Ministério Público aprofundará investigação sobre taxa criada em Jales
O Ministério Público do Estado de São Paulo decidiu avançar na apuração da denúncia apresentada através de uma representação com autoria dos vereadores a época Hilton Marques e Luís Especiato, entendendo que existem elementos jurídicos relevantes que justificam um aprofundamento técnico da investigação.
- Em: Jales
A representação protocolada em outubro de 2025 avançou e a discussão sobre a constitucionalidade da Taxa de Licenciamento e Fiscalização criada pela Prefeitura de Jales ganhou um novo capítulo e passou a gerar expectativa entre comerciantes e empresários.
O Ministério Público do Estado de São Paulo decidiu avançar na apuração da denúncia apresentada através de um procedimento chamado Notícia de Fato pelos então com autoria dos vereadores a época Hilton Marques e Luís Especiato, entendendo que existem elementos jurídicos relevantes que justificam um aprofundamento técnico da investigação.
O procedimento, inicialmente tratado como notícia de fato, foi evoluído para Procedimento Preparatório de Inquérito Civil pelo promotor de Justiça Daniel Azadinho Palmezan Calderaro. O objetivo é verificar se a Taxa de Licenciamento e Fiscalização, prevista nos artigos 61 a 69 da Lei Complementar nº 433/2025, possui efetiva relação com o custo da atividade de fiscalização do município ou se, na prática, estaria funcionando como um “imposto disfarçado”.
Na decisão, o promotor destaca que há “alegação plausível de vício material na taxa” e ressalta que a jurisprudência do Supremo Tribunal Federal exige demonstração técnica entre os custos da fiscalização e os critérios utilizados para cobrança da taxa.
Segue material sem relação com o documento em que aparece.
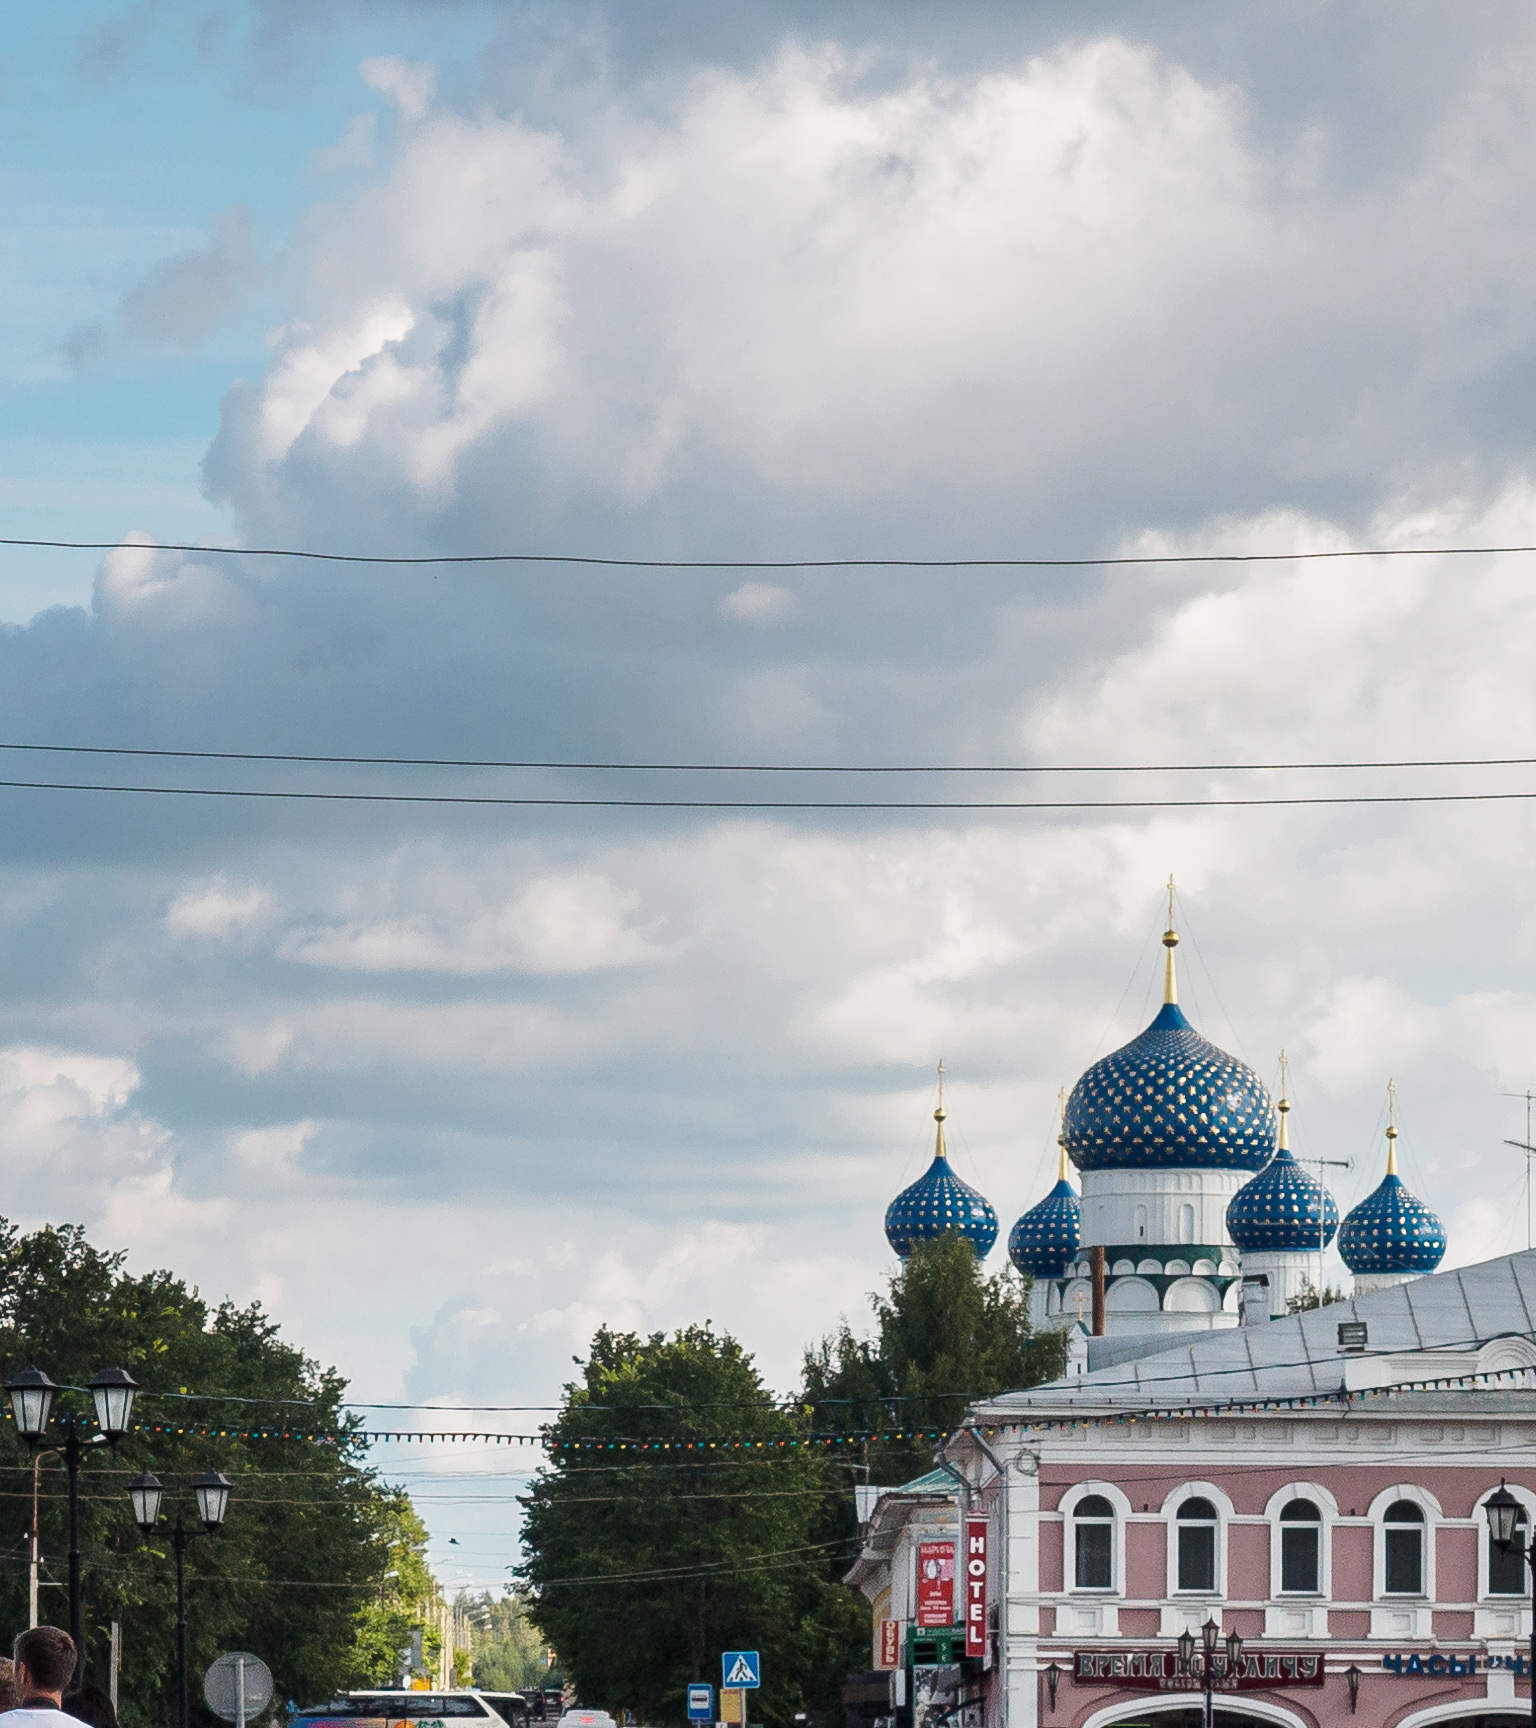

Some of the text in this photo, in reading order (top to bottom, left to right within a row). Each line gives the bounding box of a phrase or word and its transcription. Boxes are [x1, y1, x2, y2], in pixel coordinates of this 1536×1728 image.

Segundo o Ministério Público, essa comprovação ainda não foi apresentada documentalmente.
A investigação deverá apurar estudos técnicos, memória de cálculo da taxa, metodologia utilizada pela Prefeitura, demonstrativos de arrecadação, custos da atividade fiscalizatória e até exemplos concretos de cobranças realizadas em empresas de pequeno, médio e grande porte.
O Ministério Público também determinou diligências junto à Secretaria Municipal da Fazenda e ao setor de fiscalização do município para verificar se existe proporcionalidade entre o valor cobrado e a atuação efetiva do poder público.
Um dos pontos mais sensíveis do despacho é a possibilidade futura de representação ao Procurador-Geral de Justiça para o ajuizamento de uma Ação Direta de Inconstitucionalidade (ADI), caso sejam constatados indícios de irregularidade na estrutura da taxa. O próprio documento menciona expressamente essa hipótese caso fique demonstrado que não houve estudo técnico adequado ou que a arrecadação ultrapassa significativamente os custos da fiscalização municipal.
Nos bastidores políticos e empresariais, o tema já é tratado como uma das discussões tributárias mais relevantes dos últimos anos em Jales. Isso porque a taxa impacta diretamente comerciantes, prestadores de serviço, microempresas e empresários locais, gerando preocupação sobre eventual aumento da carga tributária e possíveis efeitos econômicos sobre a atividade produtiva da cidade.
A movimentação também reforça o papel fiscalizador exercido por Hilton Marques e Luís Especiato, autores da denúncia que levou à abertura do procedimento no Ministério Público. A iniciativa recoloca no centro do debate a discussão sobre transparência tributária, limites constitucionais da arrecadação municipal e segurança jurídica para o setor comercial e empresarial.
Agora, a expectativa gira em torno das respostas técnicas que deverão ser apresentadas pela Prefeitura de Jales nos próximos dias e da análise que será realizada pelos órgãos técnicos do Ministério Público.